*** DATA UNDER STUDY Section Begins ***

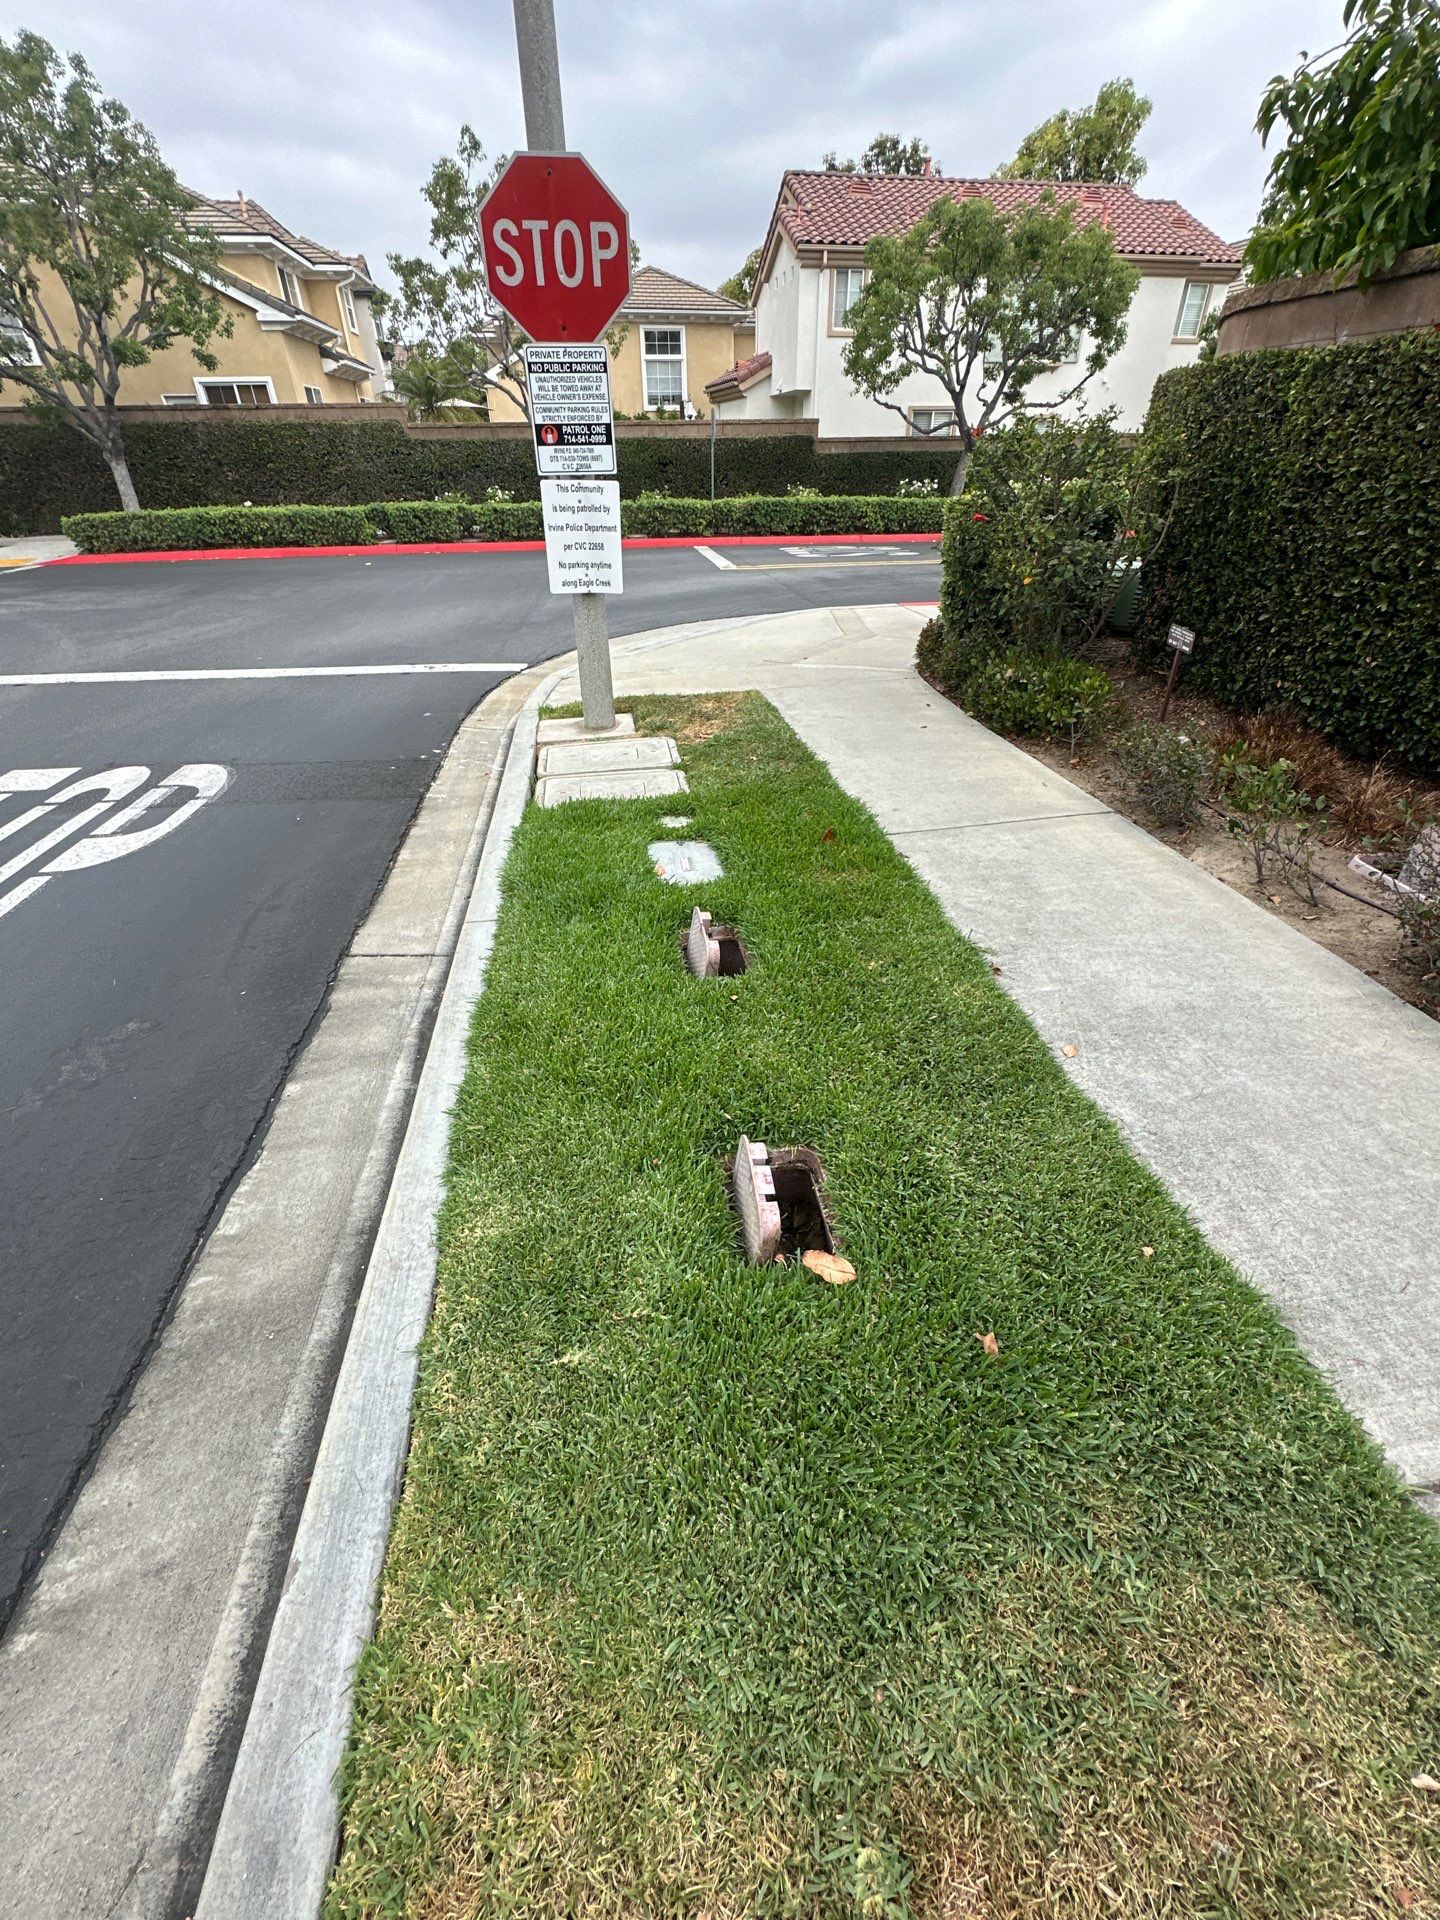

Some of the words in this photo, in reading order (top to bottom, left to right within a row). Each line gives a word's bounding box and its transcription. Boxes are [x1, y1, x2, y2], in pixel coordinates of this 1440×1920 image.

[492, 218, 619, 288] STOP
[530, 351, 560, 359] PRIVATE
[563, 351, 603, 359] PROPERTY
[531, 363, 542, 372] NO
[544, 363, 570, 372] PUBLIC
[572, 363, 604, 372] PARKING
[536, 406, 566, 414] COMMUNITY
[567, 406, 590, 414] PARKING
[591, 406, 608, 414] RULES
[563, 425, 589, 434] PATROL
[591, 425, 606, 434] ONE
[564, 435, 606, 443] 714-541-0999
[556, 485, 569, 493] This
[571, 485, 604, 495] Community
[559, 505, 575, 514] being
[577, 505, 602, 514] patrolled
[603, 505, 610, 515] by
[585, 524, 617, 534] Department
[564, 544, 573, 552] per
[574, 542, 587, 550] CVC
[559, 561, 566, 569] No
[568, 561, 589, 570] parking
[590, 561, 612, 570] anytime
[562, 579, 577, 588] along
[579, 579, 594, 588] Eagle
[595, 579, 611, 587] Creek

*** DATA UNDER STUDY Section Ends ***

* WORK INSTRUCTION *
Since only the text is needed, retype the data above exactly and omit the pictures.

* EXERCISE OUTPUT *
Some of the words in this photo, in reading order (top to bottom, left to right within a row). Each line gives a word's bounding box and its transcription. Boxes are [x1, y1, x2, y2], in pixel coordinates of this 1440×1920 image.

[492, 218, 619, 288] STOP
[530, 351, 560, 359] PRIVATE
[563, 351, 603, 359] PROPERTY
[531, 363, 542, 372] NO
[544, 363, 570, 372] PUBLIC
[572, 363, 604, 372] PARKING
[536, 406, 566, 414] COMMUNITY
[567, 406, 590, 414] PARKING
[591, 406, 608, 414] RULES
[563, 425, 589, 434] PATROL
[591, 425, 606, 434] ONE
[564, 435, 606, 443] 714-541-0999
[556, 485, 569, 493] This
[571, 485, 604, 495] Community
[559, 505, 575, 514] being
[577, 505, 602, 514] patrolled
[603, 505, 610, 515] by
[585, 524, 617, 534] Department
[564, 544, 573, 552] per
[574, 542, 587, 550] CVC
[559, 561, 566, 569] No
[568, 561, 589, 570] parking
[590, 561, 612, 570] anytime
[562, 579, 577, 588] along
[579, 579, 594, 588] Eagle
[595, 579, 611, 587] Creek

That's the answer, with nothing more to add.